For Tokos, who also negotiated Mucha’s contract in Russia, one of the key conditions was that the salary be paid in euros. “Without that, we wouldn’t have signed the deal last summer. We already saw the ruble as a risk, and like most foreign players, we fixed the contract in euros,” noted Tokos. In the Russian-owned cycling team Tinkoff-Saxo, Slovakia’s top cyclist Peter Sagan is also on the payroll, but according to our information, the ruble’s fall will not affect either riders’ salaries or the team’s operations.

The risk of losing the most expensive players
The falling ruble could cause even greater problems for the owners of leading Russian football clubs, particularly Zenit St Petersburg and Dynamo Moscow. According to sports.ru, the ten highest-paid players in Russia earn €47.5 million annually. In euro terms, this was worth 1.8 billion rubles in the summer, but after the latest drop, their salaries are now worth around 3.5 billion rubles. “It is an indisputable fact that for owners, players are now about 40 percent more expensive than when they signed their contracts,” assessed Tokos.

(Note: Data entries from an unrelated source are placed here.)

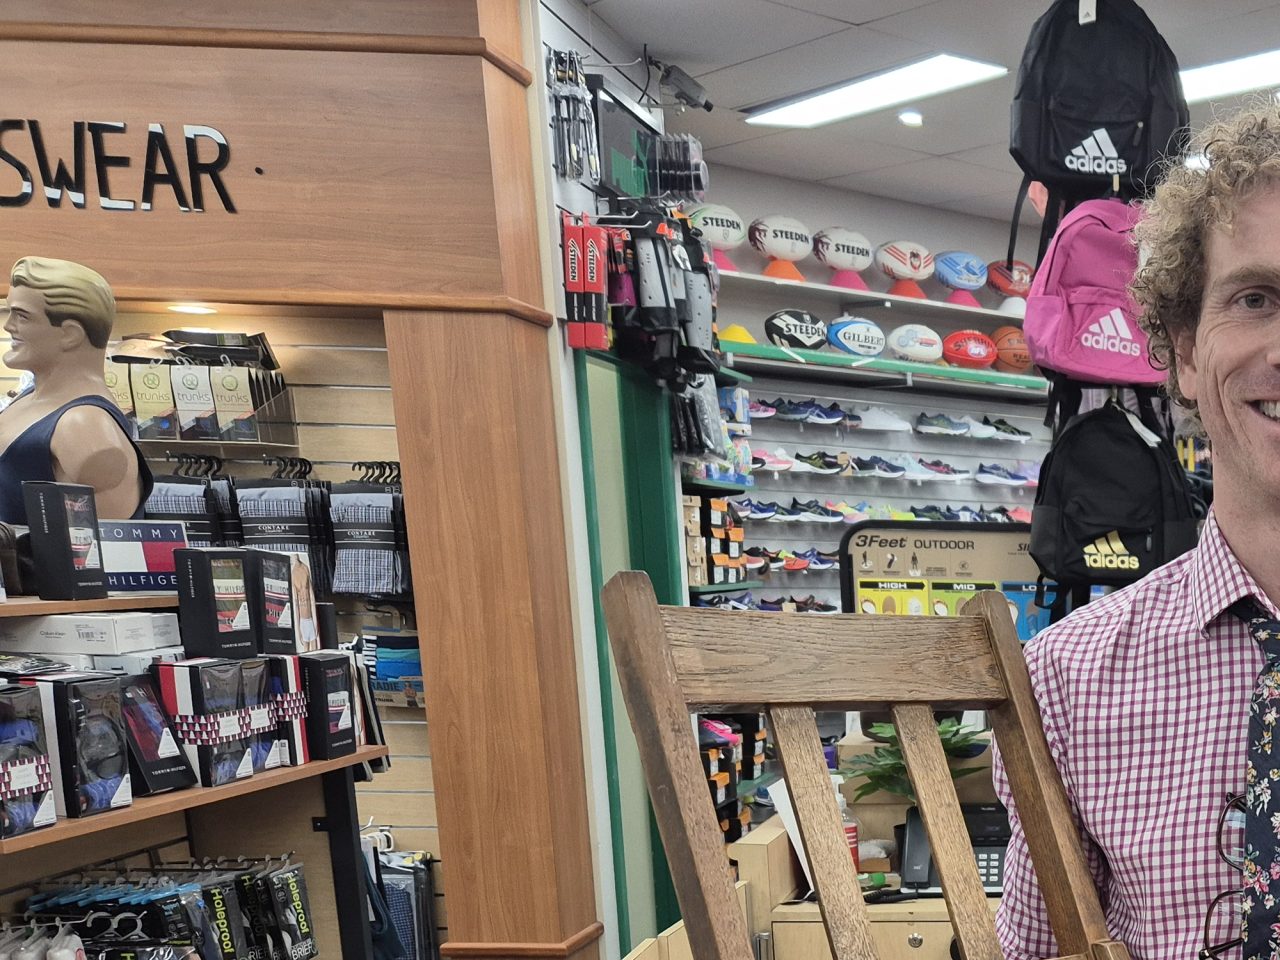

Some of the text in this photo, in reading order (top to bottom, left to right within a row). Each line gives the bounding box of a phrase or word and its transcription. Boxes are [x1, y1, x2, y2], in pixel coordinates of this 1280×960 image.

[0, 119, 238, 214] SWEAR
[1064, 154, 1127, 174] adidas
[702, 216, 741, 231] STEEDEN
[772, 229, 810, 244] STEEDEN
[835, 243, 870, 257] STEEDEN
[570, 249, 578, 281] STEEDEN
[784, 323, 827, 338] STEEDEN
[1081, 332, 1141, 357] adidas
[136, 391, 170, 400] trunks
[177, 392, 211, 402] trunks
[216, 394, 249, 403] trunks
[100, 528, 177, 539] TOMMY
[855, 535, 975, 549] 3Feet OUTDOOR
[109, 576, 178, 586] HILFIGE
[369, 681, 400, 691] RADIE
[286, 873, 309, 934] Holeproof
[211, 888, 235, 953] Holeproof

And in just ten days, Europe’s winter transfer window opens. With the worsening situation in Russia and rising costs for owners, there is a risk that the top league could lose some star players. “It can be expected that expensive players will want to leave. On the other hand, Russian clubs offered salaries that, in many cases, were hard to match even for top leagues in Western Europe,” said the Slovak agent. Durica does not believe that, upon returning to Lokomotiv Moscow after the New Year, he will face a sale or wage cut. “Every player will wait and see how things develop. In my opinion, clubs have detailed information about how the country’s economy will perform in the near future. They will act accordingly,” Durica added.